$$Y=[X+1]=i+1$$ iff $$i\le X \lt i+1,i=0,1,....$$
My approach to derive the distribution of $Y$ is to look at
$P(Y=y)=P(Y\le y)-P(Y\le y-1)$
Usually, I am ok to find $g^{-1}$ given $Y=g(X)$ but for this question, I am not sure how to find the inverse of $Y=[X+1]$.
So I looked at $Y=1 $, $P([X+1]=1)$ $\Rightarrow$ $P(0<X<1)$... And then extend it to when $Y=i$... which is $P(Y=i)=$so basically I am trying to find the pattern when solving for the inverse from $Y$ to $X$... What I found is that $P(Y\le i)=P(X<i)$.

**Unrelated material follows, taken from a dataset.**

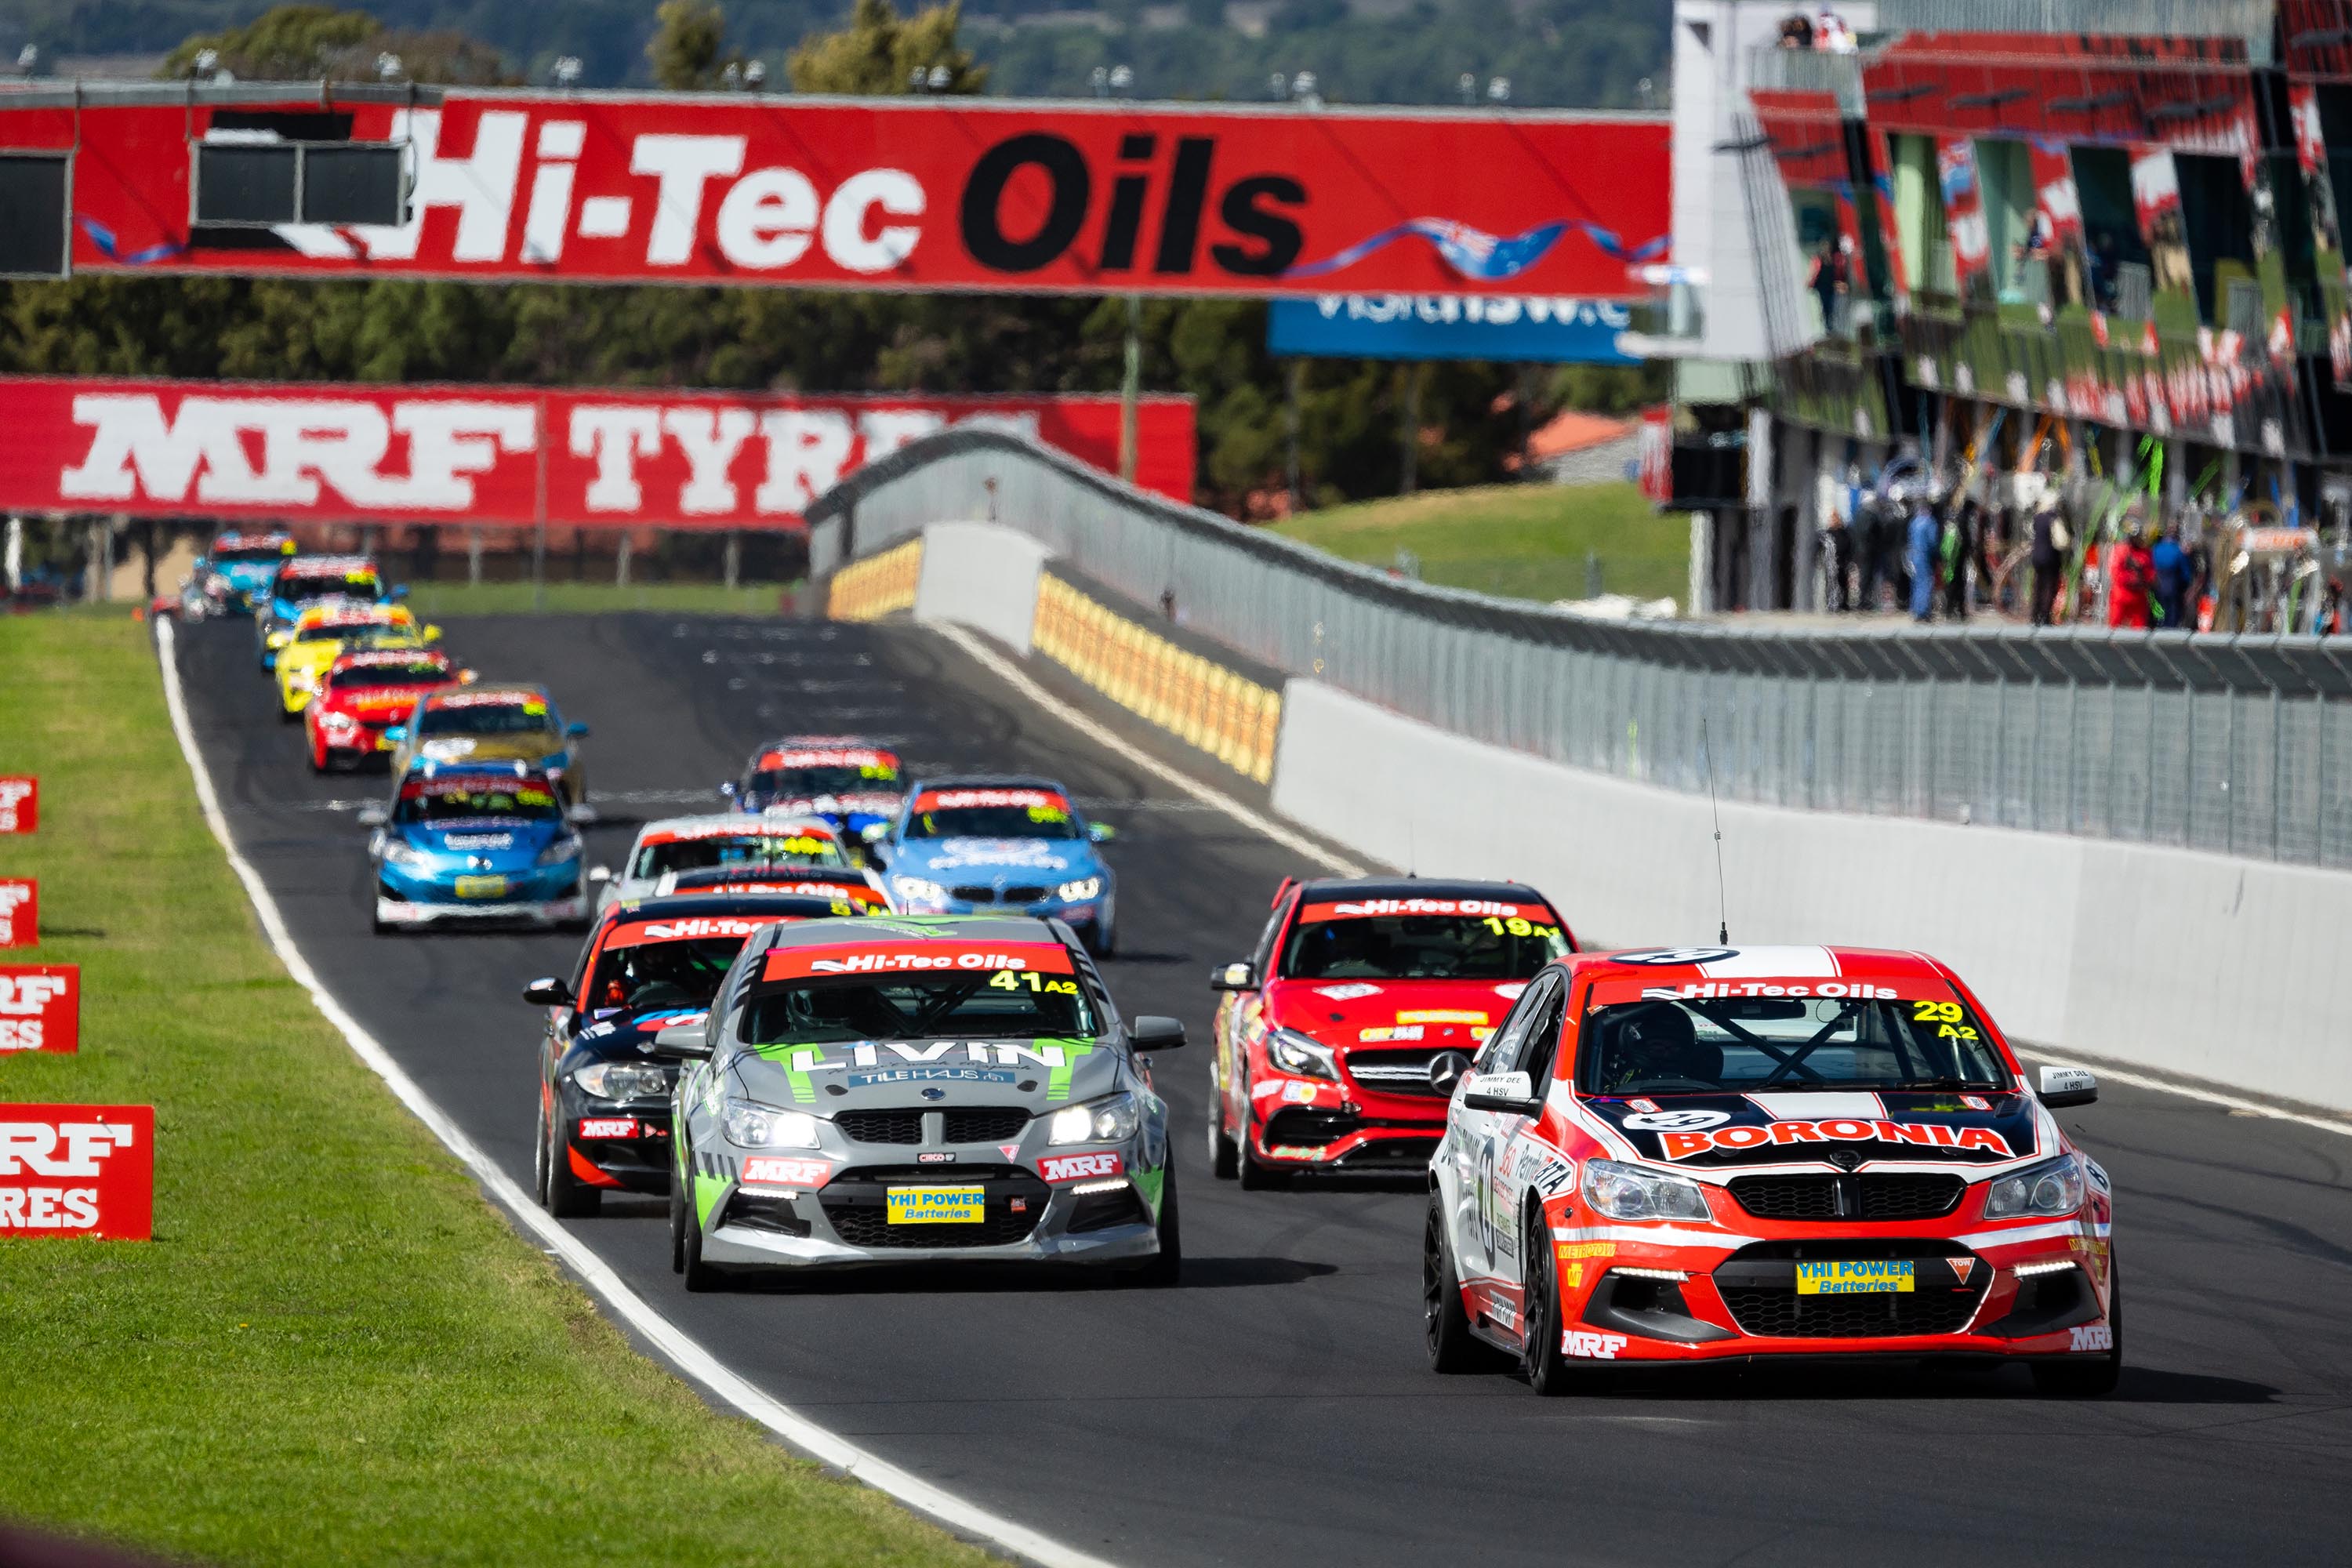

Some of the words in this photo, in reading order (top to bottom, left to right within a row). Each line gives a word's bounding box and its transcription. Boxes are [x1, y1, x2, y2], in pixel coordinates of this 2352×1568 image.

I am wondering if there are other ways to solve the problem?
To continue:
$P(Y=y)=P(Y\le y)-P(Y \le y-1)=P(X<y)-P(X<y-1)=e^y-e^{-(y-1)}$ for $y=1,2,...$
The second question asks me to derive conditional distribution $P(X-4|y\geq 5)$ and I am completely lost.
My attempt is to use $$\frac{P(X-4,Y\geq5)}{P(Y\geq5)}$$ but I don't know what's the joint distribution of X and Y....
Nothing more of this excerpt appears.